What the exercise asks — Drop the images. Copy every line below character for character.

____________________

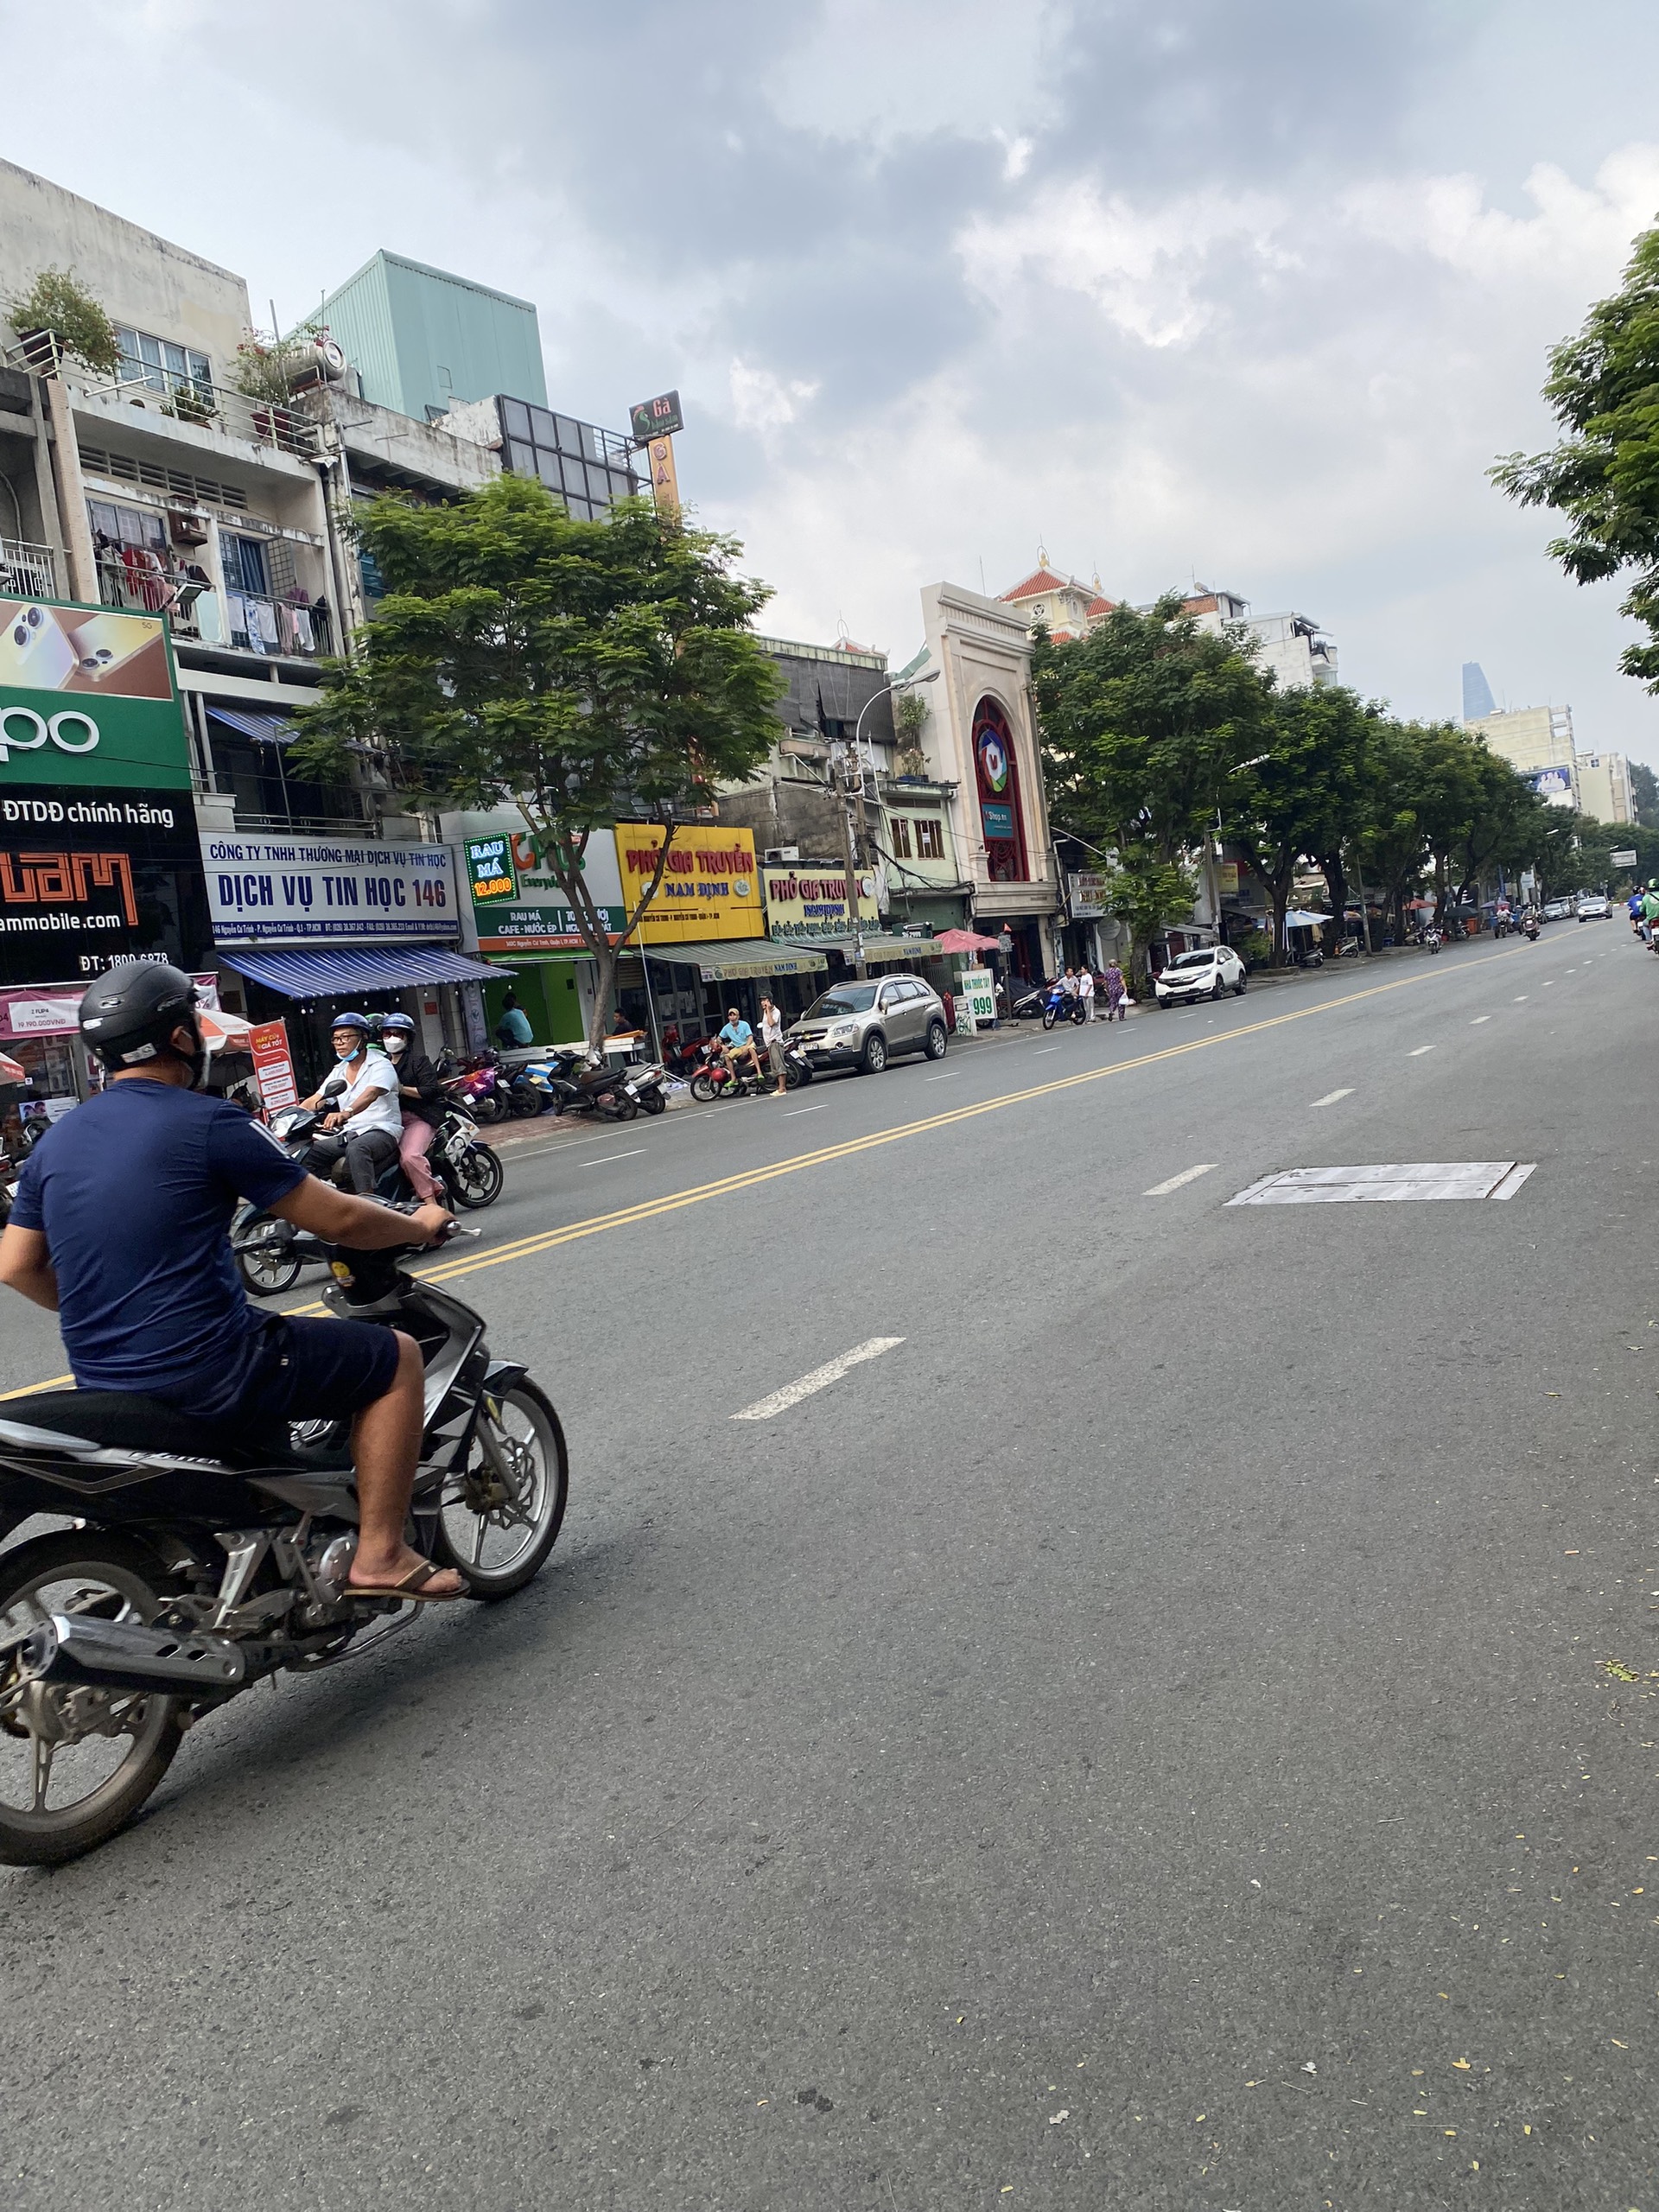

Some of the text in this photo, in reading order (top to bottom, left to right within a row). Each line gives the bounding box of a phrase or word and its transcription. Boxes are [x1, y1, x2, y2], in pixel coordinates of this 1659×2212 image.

[652, 397, 671, 417] Gà
[3, 800, 174, 829] ĐTDĐ chính hãng
[210, 841, 446, 869] CÔNG TY TNHH THƯƠNG MẠI DỊCH VỤ TIN HỌC
[471, 841, 504, 859] RAU
[666, 850, 694, 874] GIA
[696, 843, 753, 874] TRUYỀN
[476, 858, 504, 877] MÁ
[218, 874, 446, 912] DỊCH VỤ TIN HỌC 146
[474, 878, 512, 896] 12.000
[664, 882, 728, 900] NAM ĐỊNH
[771, 871, 798, 901] PHỞ
[799, 880, 820, 900] GIA
[510, 910, 542, 921] RAU MÁ
[804, 905, 825, 917] NAM
[499, 925, 520, 934] CAFE
[524, 924, 546, 933] NƯỚC
[547, 922, 557, 933] ÉP
[79, 956, 105, 970] ĐT:
[973, 996, 993, 1015] 999
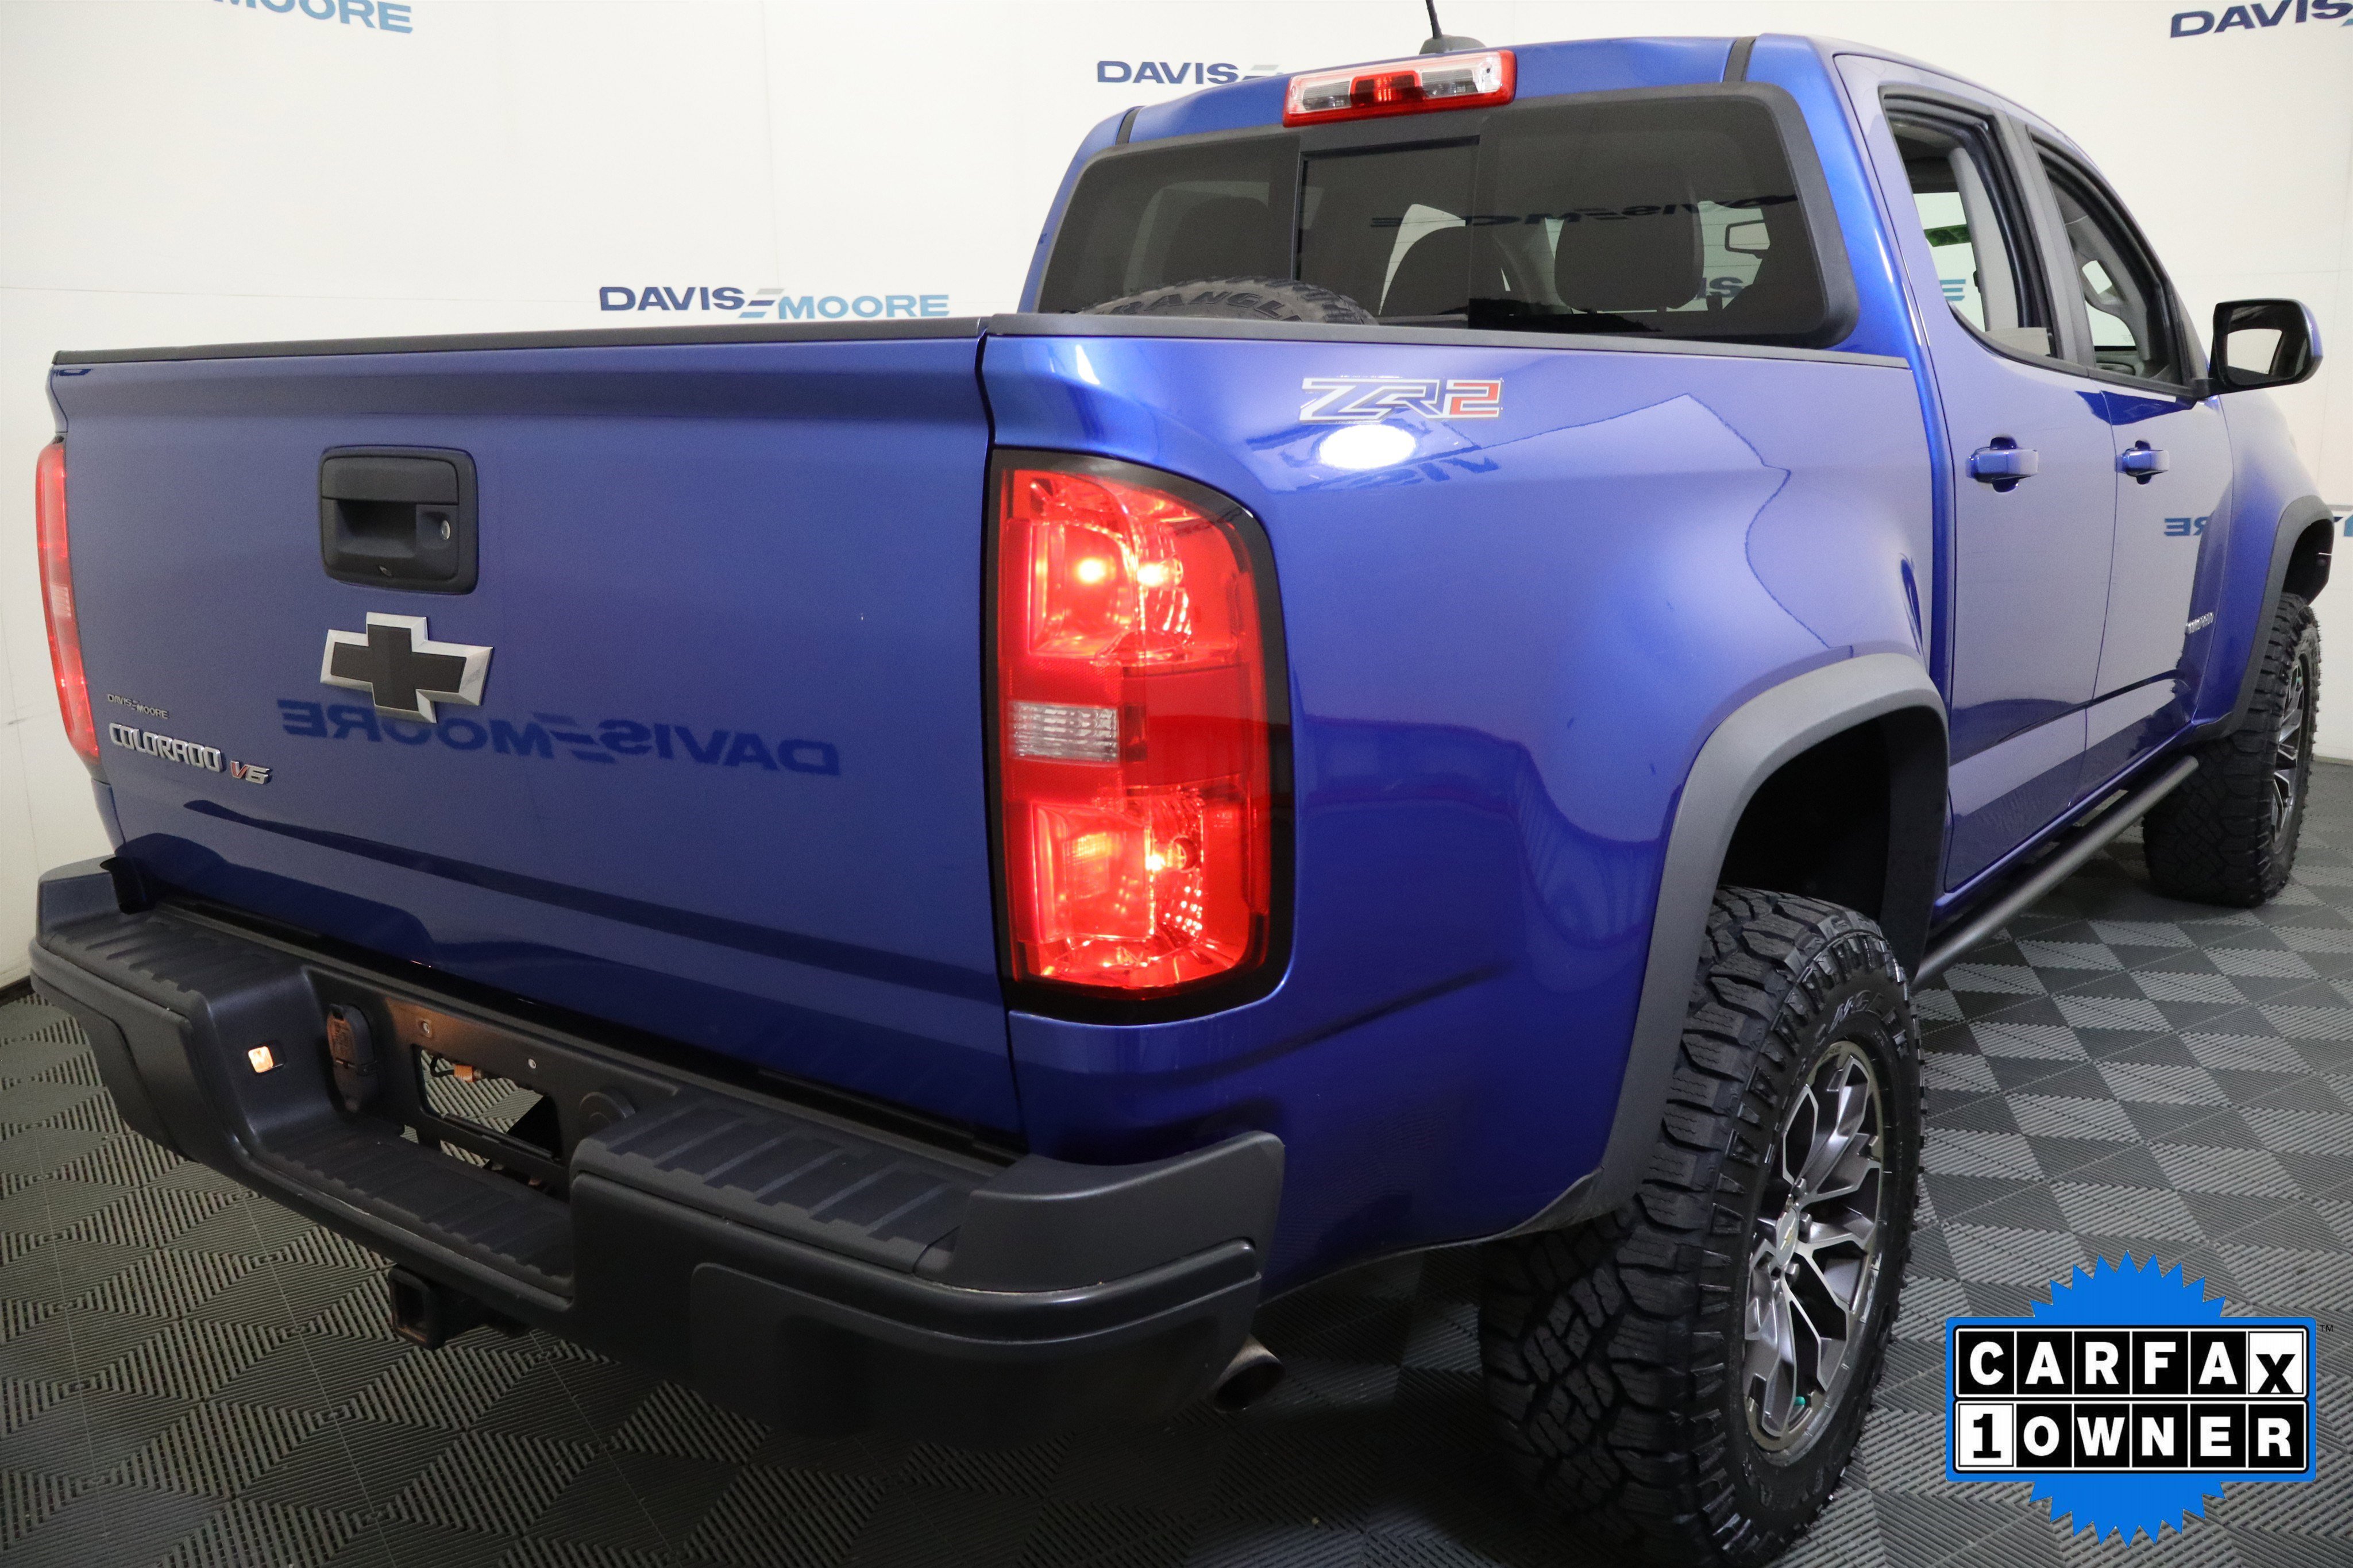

____________________

Expected answer —
Some of the text in this photo, in reading order (top to bottom, left to right within a row). Each line gives the bounding box of a phrase or word and its transcription. Boxes are [x1, y1, x2, y2], in pixel coordinates of this 1659×2212 image.

[652, 397, 671, 417] Gà
[3, 800, 174, 829] ĐTDĐ chính hãng
[210, 841, 446, 869] CÔNG TY TNHH THƯƠNG MẠI DỊCH VỤ TIN HỌC
[471, 841, 504, 859] RAU
[666, 850, 694, 874] GIA
[696, 843, 753, 874] TRUYỀN
[476, 858, 504, 877] MÁ
[218, 874, 446, 912] DỊCH VỤ TIN HỌC 146
[474, 878, 512, 896] 12.000
[664, 882, 728, 900] NAM ĐỊNH
[771, 871, 798, 901] PHỞ
[799, 880, 820, 900] GIA
[510, 910, 542, 921] RAU MÁ
[804, 905, 825, 917] NAM
[499, 925, 520, 934] CAFE
[524, 924, 546, 933] NƯỚC
[547, 922, 557, 933] ÉP
[79, 956, 105, 970] ĐT:
[973, 996, 993, 1015] 999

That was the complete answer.